- Supplied records -
───
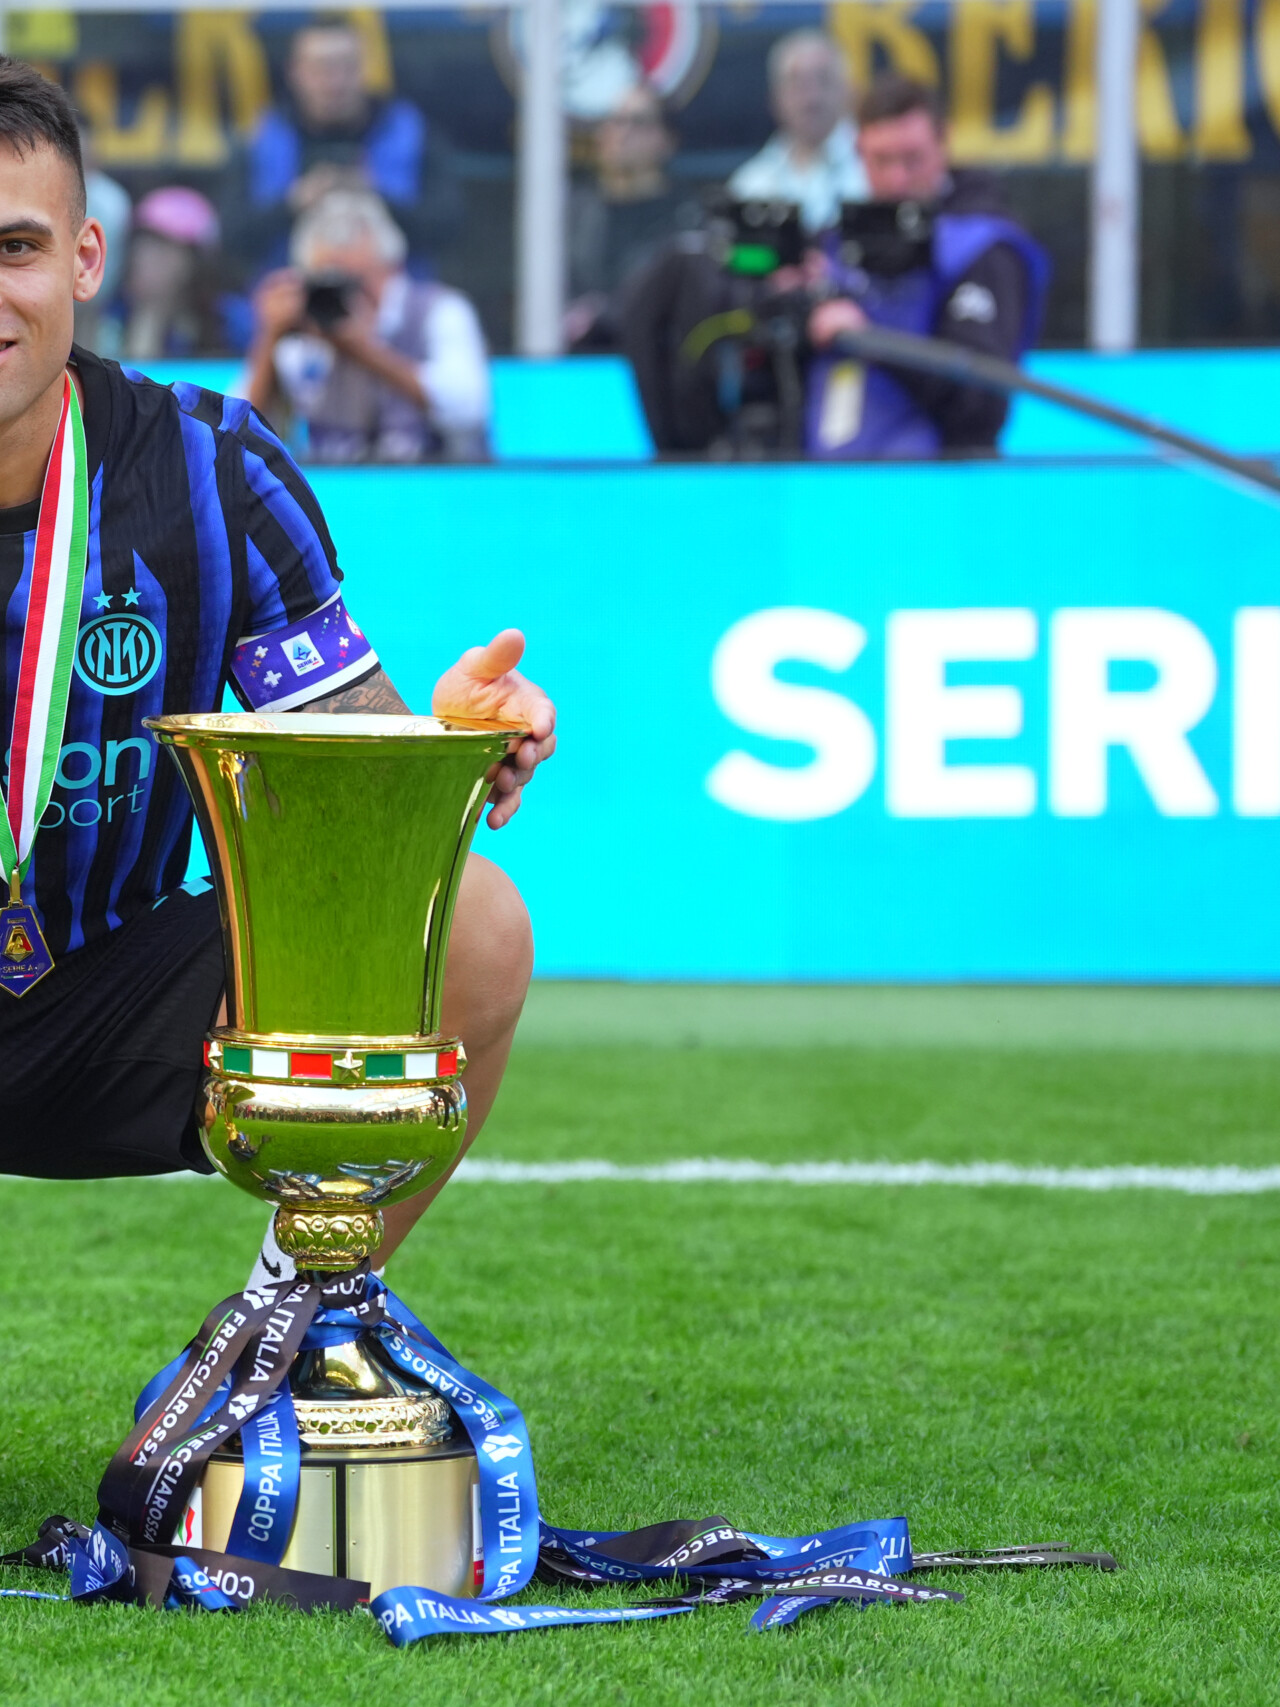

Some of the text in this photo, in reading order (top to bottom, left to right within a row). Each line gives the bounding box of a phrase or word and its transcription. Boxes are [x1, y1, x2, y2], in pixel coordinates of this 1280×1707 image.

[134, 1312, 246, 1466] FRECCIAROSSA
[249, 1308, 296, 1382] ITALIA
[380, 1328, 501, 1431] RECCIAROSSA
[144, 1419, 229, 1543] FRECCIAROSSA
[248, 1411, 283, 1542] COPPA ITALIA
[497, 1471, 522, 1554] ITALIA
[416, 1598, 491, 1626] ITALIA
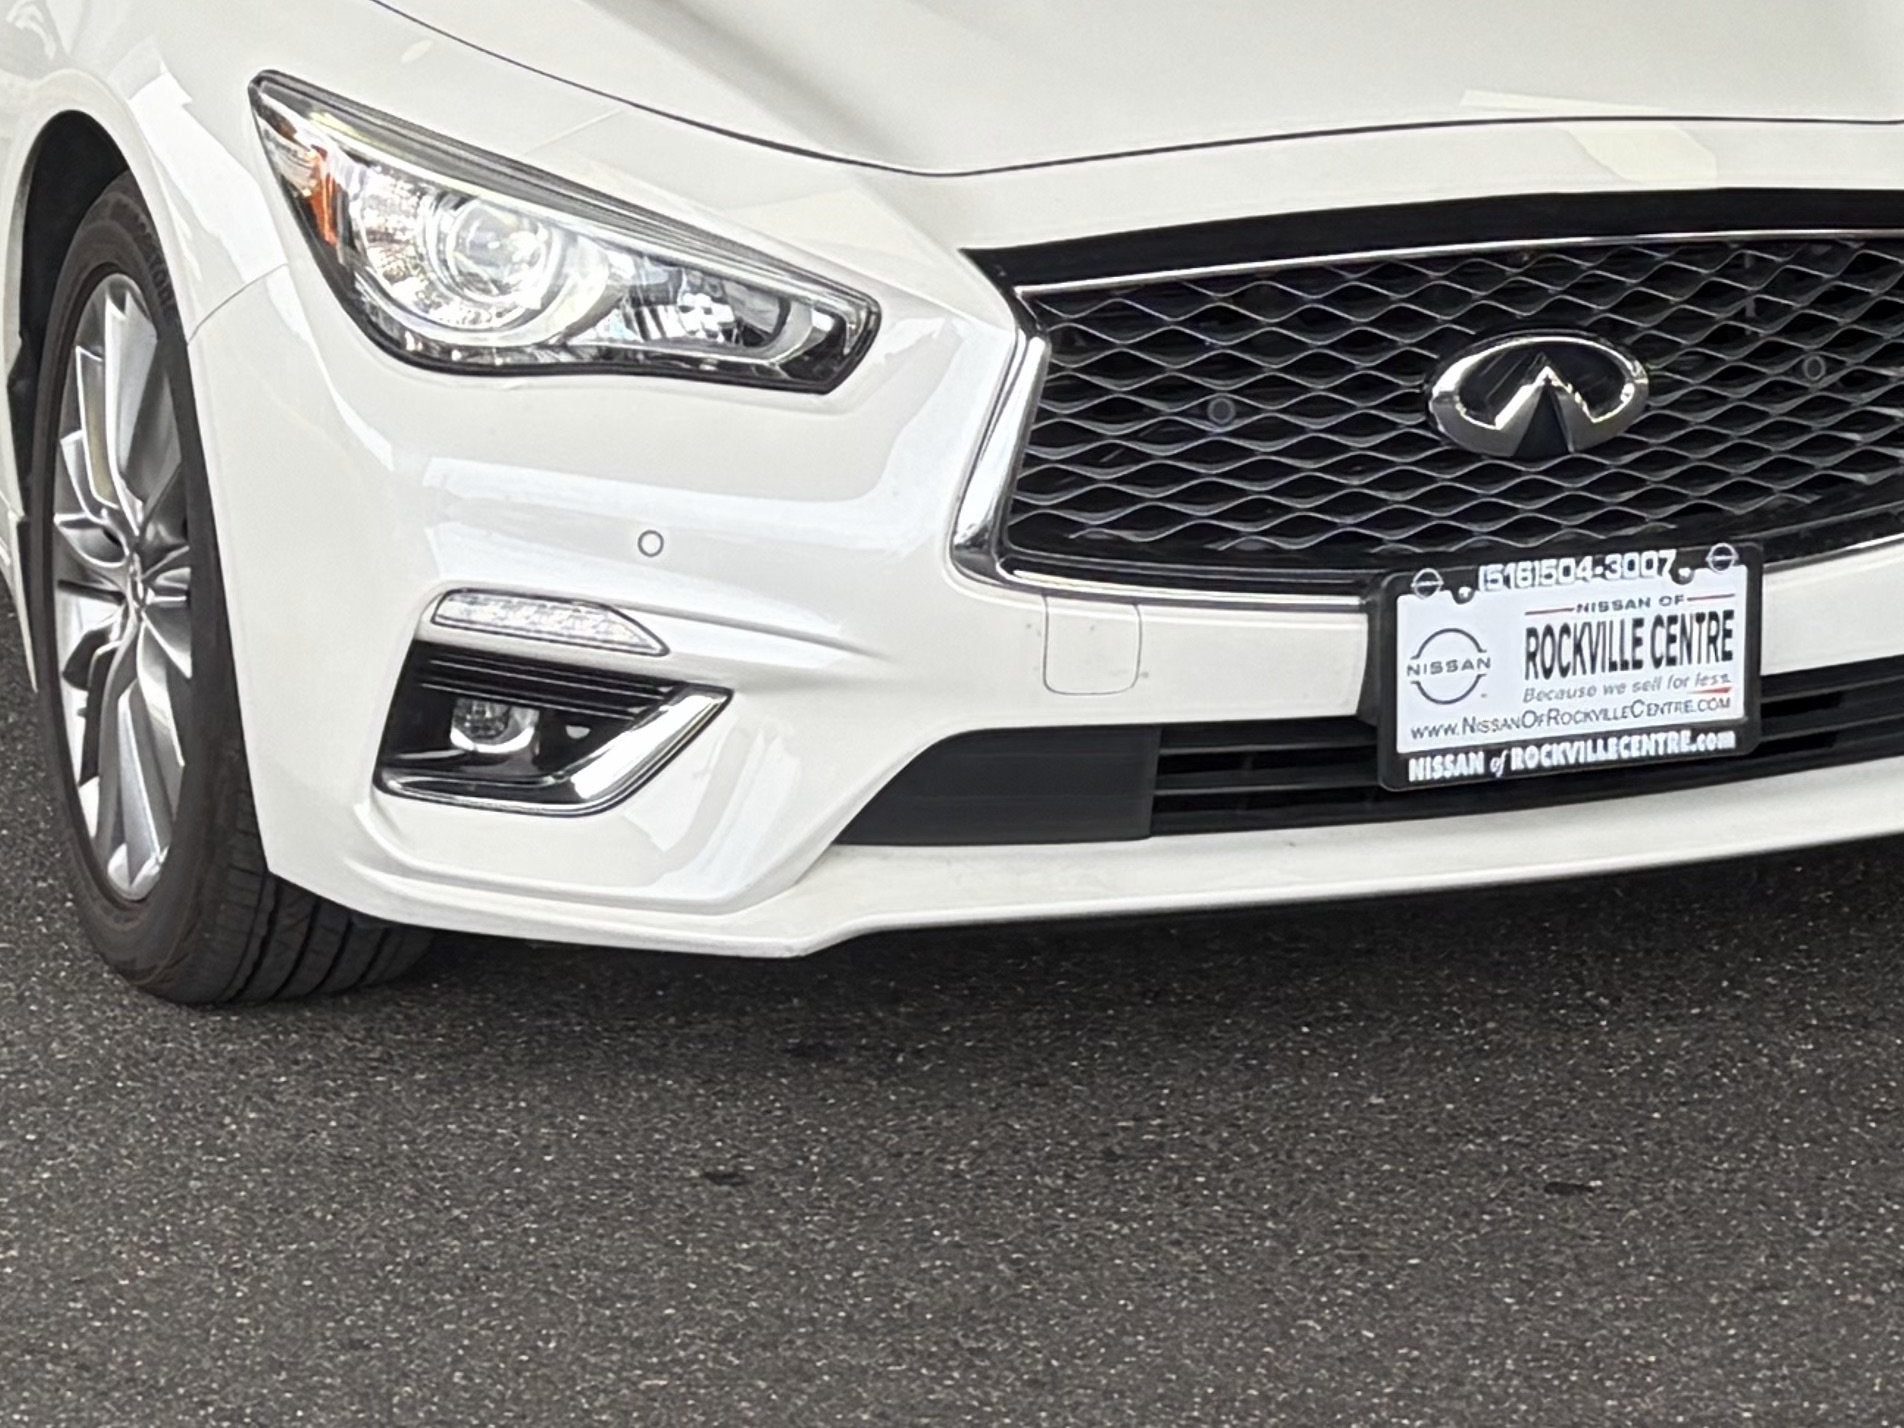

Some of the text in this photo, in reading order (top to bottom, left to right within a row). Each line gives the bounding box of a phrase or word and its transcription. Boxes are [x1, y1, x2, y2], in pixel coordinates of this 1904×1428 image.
───
- Task to complete -
Transcribe the whole listing exactly. Pictures stay out of your copy.

- Answer section -
Some of the text in this photo, in reading order (top to bottom, left to right within a row). Each line gives the bounding box of a phrase or word and its transcription. Boxes are [x1, y1, x2, y2], in pixel coordinates of this 1280×1707 image.

[134, 1312, 246, 1466] FRECCIAROSSA
[249, 1308, 296, 1382] ITALIA
[380, 1328, 501, 1431] RECCIAROSSA
[144, 1419, 229, 1543] FRECCIAROSSA
[248, 1411, 283, 1542] COPPA ITALIA
[497, 1471, 522, 1554] ITALIA
[416, 1598, 491, 1626] ITALIA

Some of the text in this photo, in reading order (top to bottom, left to right within a row). Each line gives the bounding box of a phrase or word and its transcription. Boxes are [x1, y1, x2, y2], in pixel coordinates of this 1904×1428 image.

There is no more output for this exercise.